Guru di sekolah menganjurkan murid2 untuk mulai menanam pekarangan rumah dengan jagung, dan setiap hari kami diminta melaporkan perkembangannya: berapa tinggi, lebar batang, banyak daun dsb nya. Saat itu Presiden RI getol berpidato agar kita harus bisa berdiri di kaki kita sendiri, dan bisa mencukupi kebutuhan pokok kita, terutama beras.
Masing2 keluarga berusaha memenuhi kebutuhan hidup dari pekarangan rumahnya. Pagar yang memisahkan tanah kami dengan tetangga ditanami Lamtoro (kemlandingan) yang enak di buat botok, pohon turi yang bunganya bisa dibuat sayuran untuk pecel. Kami juga punya tanaman: pisang, bayam, kelapa, dan bahan2 untuk bumbu. Rata2 keluarga di kota kami hanya makan telor jika ayamnya bertelor, maklum harga telor mahal, dan tidak banyak karena saat itu belum dikenal ayam petelor. Kalau ingin makan telor, telor dicampur dengan kelapa muda dan diberi bumbu irisan bawang merah, cabe dan garam, agar bisa memenuhi keluarga. Seringkali kami makan telor bebek, karena lebih mengembang jika dibuat dadar. Makan ayam? Hanya ada dua alasan: ayamnya sakit atau anaknya sakit, sehingga supaya sehat perlu disembelihkan ayam, yang kedua untuk syukuran. Namun karena ayam yang dimiliki berupa ayam piaraan, kami tak tega jika harus menyembelihnya, dan setiap ayam punya nama yang akan datang jika dipanggil.

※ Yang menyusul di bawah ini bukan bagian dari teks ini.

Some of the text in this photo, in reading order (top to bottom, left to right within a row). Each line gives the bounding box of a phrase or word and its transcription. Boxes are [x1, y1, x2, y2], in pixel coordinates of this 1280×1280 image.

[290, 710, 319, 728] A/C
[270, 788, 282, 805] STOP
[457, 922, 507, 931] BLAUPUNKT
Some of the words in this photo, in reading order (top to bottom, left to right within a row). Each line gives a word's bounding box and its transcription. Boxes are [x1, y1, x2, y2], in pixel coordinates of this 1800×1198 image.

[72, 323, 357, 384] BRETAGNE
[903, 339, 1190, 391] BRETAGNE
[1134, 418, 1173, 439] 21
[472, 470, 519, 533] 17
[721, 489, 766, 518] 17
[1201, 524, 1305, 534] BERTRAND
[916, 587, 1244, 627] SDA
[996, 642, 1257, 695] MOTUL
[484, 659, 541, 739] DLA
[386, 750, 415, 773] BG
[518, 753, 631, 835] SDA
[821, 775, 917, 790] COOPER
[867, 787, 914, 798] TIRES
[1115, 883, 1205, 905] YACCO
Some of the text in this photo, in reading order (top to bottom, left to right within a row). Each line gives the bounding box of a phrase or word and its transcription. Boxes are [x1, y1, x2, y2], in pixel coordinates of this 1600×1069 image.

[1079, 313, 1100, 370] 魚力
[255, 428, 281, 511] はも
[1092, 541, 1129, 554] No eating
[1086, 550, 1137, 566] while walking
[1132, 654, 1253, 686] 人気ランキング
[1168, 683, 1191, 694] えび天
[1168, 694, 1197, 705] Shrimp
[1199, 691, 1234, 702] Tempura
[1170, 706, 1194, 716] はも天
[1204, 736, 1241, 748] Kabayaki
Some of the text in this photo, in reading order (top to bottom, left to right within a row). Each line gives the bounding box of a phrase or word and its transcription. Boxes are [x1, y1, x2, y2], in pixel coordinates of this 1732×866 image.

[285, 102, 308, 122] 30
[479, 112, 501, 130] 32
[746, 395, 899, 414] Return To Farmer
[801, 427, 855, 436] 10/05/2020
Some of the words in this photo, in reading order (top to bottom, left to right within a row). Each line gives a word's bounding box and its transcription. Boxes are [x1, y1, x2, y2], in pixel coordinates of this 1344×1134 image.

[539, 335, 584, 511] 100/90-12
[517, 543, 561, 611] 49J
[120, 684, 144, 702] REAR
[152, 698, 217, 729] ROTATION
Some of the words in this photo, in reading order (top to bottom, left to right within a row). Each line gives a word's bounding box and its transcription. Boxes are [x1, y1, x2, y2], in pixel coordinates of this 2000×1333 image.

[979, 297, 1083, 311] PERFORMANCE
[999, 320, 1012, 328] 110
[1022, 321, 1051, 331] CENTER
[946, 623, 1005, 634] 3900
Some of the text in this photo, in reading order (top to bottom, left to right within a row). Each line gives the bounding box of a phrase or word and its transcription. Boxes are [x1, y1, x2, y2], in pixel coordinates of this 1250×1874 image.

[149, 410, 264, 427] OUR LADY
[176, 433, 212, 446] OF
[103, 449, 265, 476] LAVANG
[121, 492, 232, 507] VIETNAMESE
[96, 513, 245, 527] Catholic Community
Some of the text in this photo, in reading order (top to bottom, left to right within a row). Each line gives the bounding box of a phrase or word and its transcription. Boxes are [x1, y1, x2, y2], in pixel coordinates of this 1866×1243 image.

Kesulitan makin bertambah setelah RI keluar dari PBB dan konfrontasi dengan Malaysia, minyak goreng hilang dari pasaran, padahal bulan puasa baru saja mulai. Ibu meminta saya untuk mencari minyak goreng, dan berkeliling lah saya naik sepeda mengitari toko satu persatu. Setelah patah semangat, akhirnya saya beli 2 (dua) buah blue band dan bilang ke ibu…”Nggak apa2 kok bu, kita puasa tanpa minyak goreng, kita makan masakan yang dikukus saja, dan buat kue lebaran kita bikin tape ketan hitam dan juadah.”
Pada masa itu tidak ada toko yang menjual pakaian jadi, toko2 hanya menjual kain, sedangkan kita harus menjahit sendiri. Temanku saat SMP ada yang pandai menjahit, saya ingin belajar (maklum untuk kursus menjahit, ibu tak punya uang), jadi selama musim libur setiap hari saya belajar menjahit dirumahnya. Ibu yang melihat semangat saya, berusaha mengumpulkan uang untuk membeli mesin jahit secara cicilan. Jadilah saya penjahit keluarga, jika mau lebaran saya menjahit baju saya sendiri, baju adik dan kebaya ibu. Rasanya seneng sekali, maklum ongkos menjahit sangat mahal, kan lumayan bisa untuk beli bahan lagi.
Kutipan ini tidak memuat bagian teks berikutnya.